Runs a GLSL shader in mpv syntax.

Takes a YUVxxxP16 clips as input and outputs YUV444P16. This is necessitated by the fundamental design of libplacebo/mpv’s custom shader feature: the shaders aren’t meant (nor written) to be run by themselves, but to be injected at arbitrary points into a rendering pipeline with RGB output. As such, the user needs to specify the output frame properties, and libplacebo will produce a conforming image, only running the supplied shader if the texture it hooks into is actually rendered. For example, if a shader hooks into the LINEAR texture, it will only be executed when linearize = True.

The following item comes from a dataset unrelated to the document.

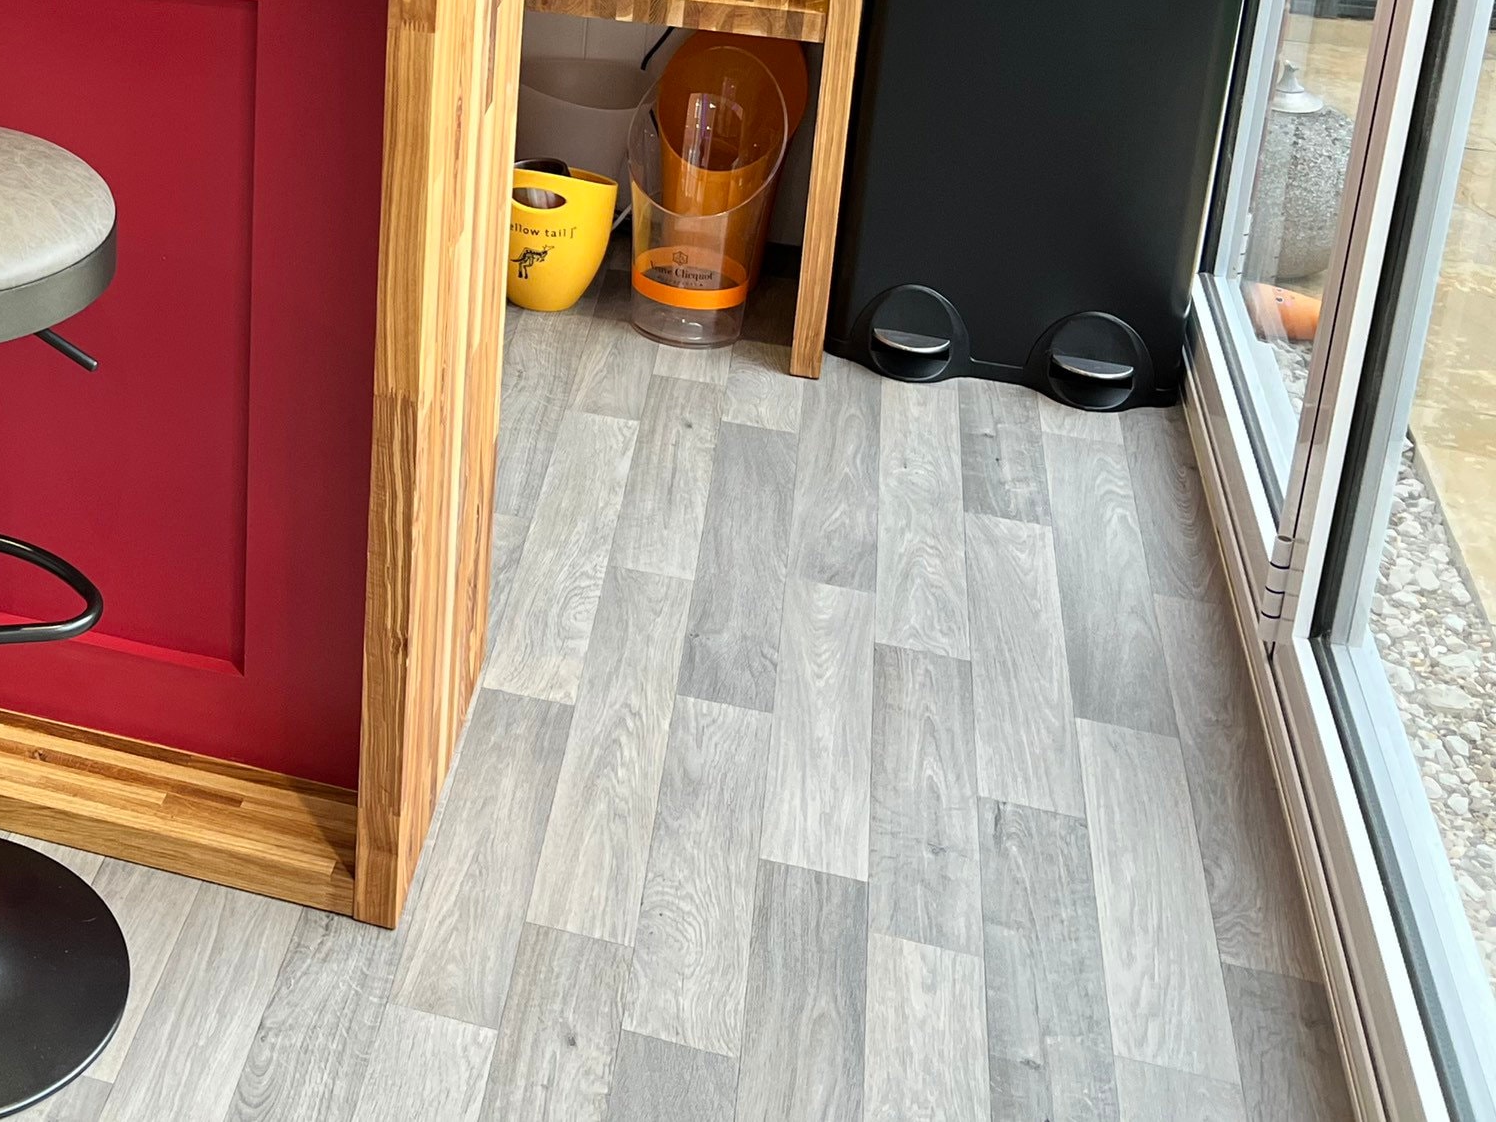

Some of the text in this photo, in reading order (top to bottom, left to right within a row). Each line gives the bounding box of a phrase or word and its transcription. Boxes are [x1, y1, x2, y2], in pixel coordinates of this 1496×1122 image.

[510, 223, 567, 238] ellow tail
[674, 268, 713, 282] Clicquot
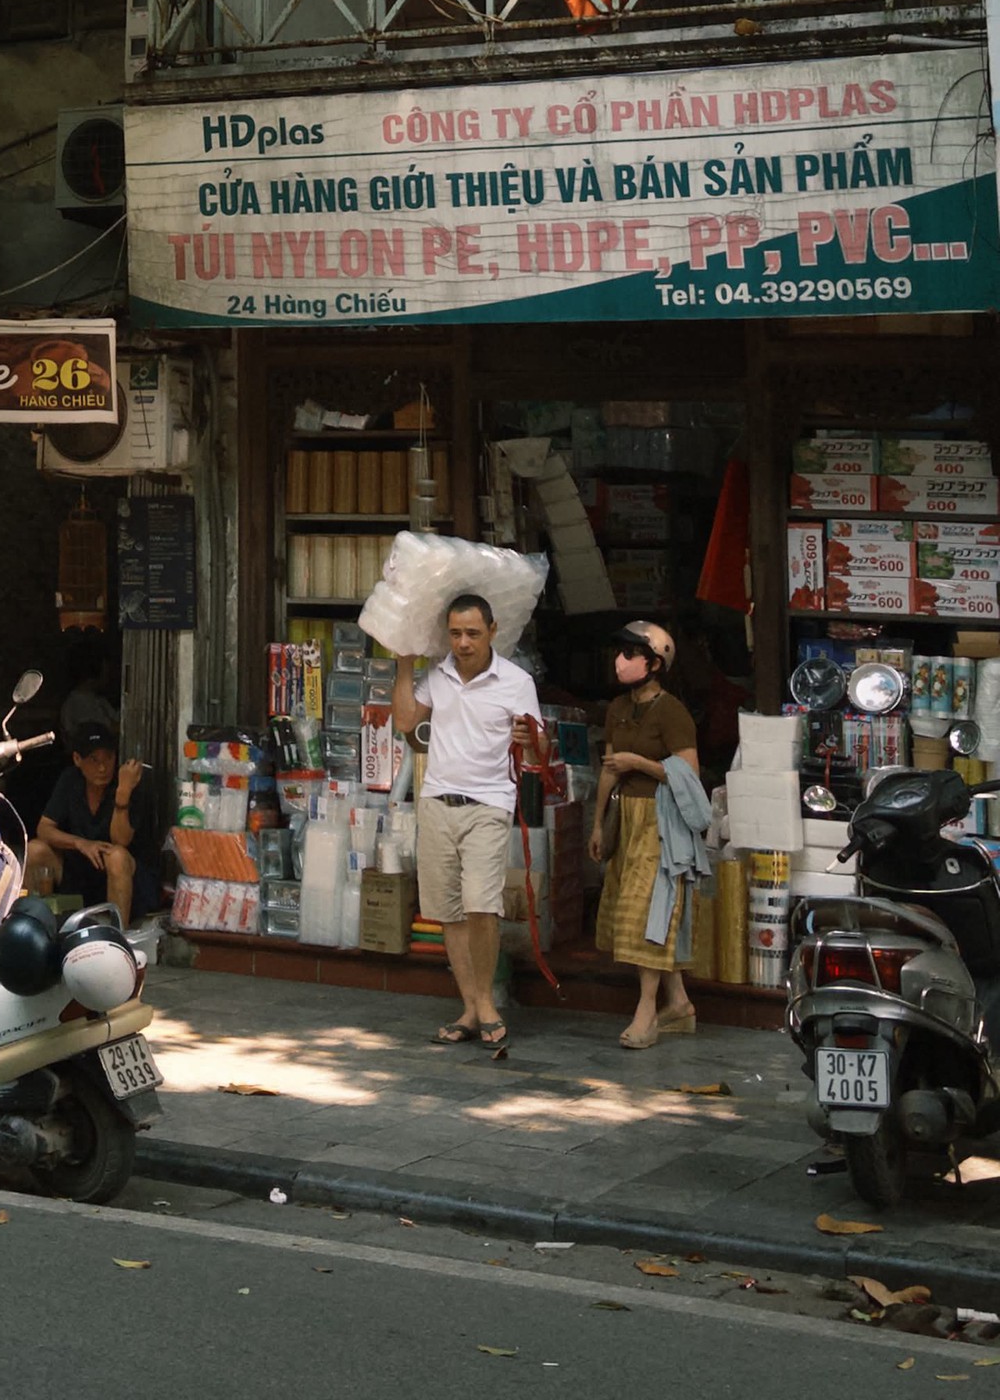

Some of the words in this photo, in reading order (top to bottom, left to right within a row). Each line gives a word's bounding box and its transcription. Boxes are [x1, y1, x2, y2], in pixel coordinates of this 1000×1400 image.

• shader: Path to shader file.
• shader_s: Alternatively, string containing the shader. (shader takes precedence.)
• width, height: Output dimensions. Need to be specified for scaling shaders to be run. Any planes the shader doesn’t scale appropriately will be scaled to output res by libplacebo using the supplied filter options, which are identical to Resample’s. (To be exact, chroma will be scaled to what the luma prescaler outputs (or the source luma res); then the image will be scaled to output res in RGB and converted back to YUV.)
• chroma_loc: Chroma location to derive chroma shift from. Uses pl_chroma_location enum values.
• matrix: YUV matrix.
• sigmoidize, linearize, sigmoid_center, sigmoid_slope, trc: For shaders that hook into the LINEAR or SIGMOID texture.

Debugging libplacebo processing

All the filters can take a log_level argument. Defaults to 2, meaning only errors are logged.

Value	Description
0	None
1	Fatal
2	Error
3	Warn
4	Info
5	Debug
6	Trace
7	All

Installing

If you’re on Arch, just do

$ yay -S vapoursynth-plugin-placebo-git

Building on Linux using meson:

meson build
ninja -C build

It is not recommended to install the library on the system without using a package manager.
Otherwise it's as simple as DESTDIR= ninja -C build install.

Building on Linux for Windows:
Some experimental build system based on mpv-winbuild-cmake: https://github.com/quietvoid/mpv-winbuild-cmake/commits/vs-placebo-libdovi
Suggested to use on Arch Linux. YMMV.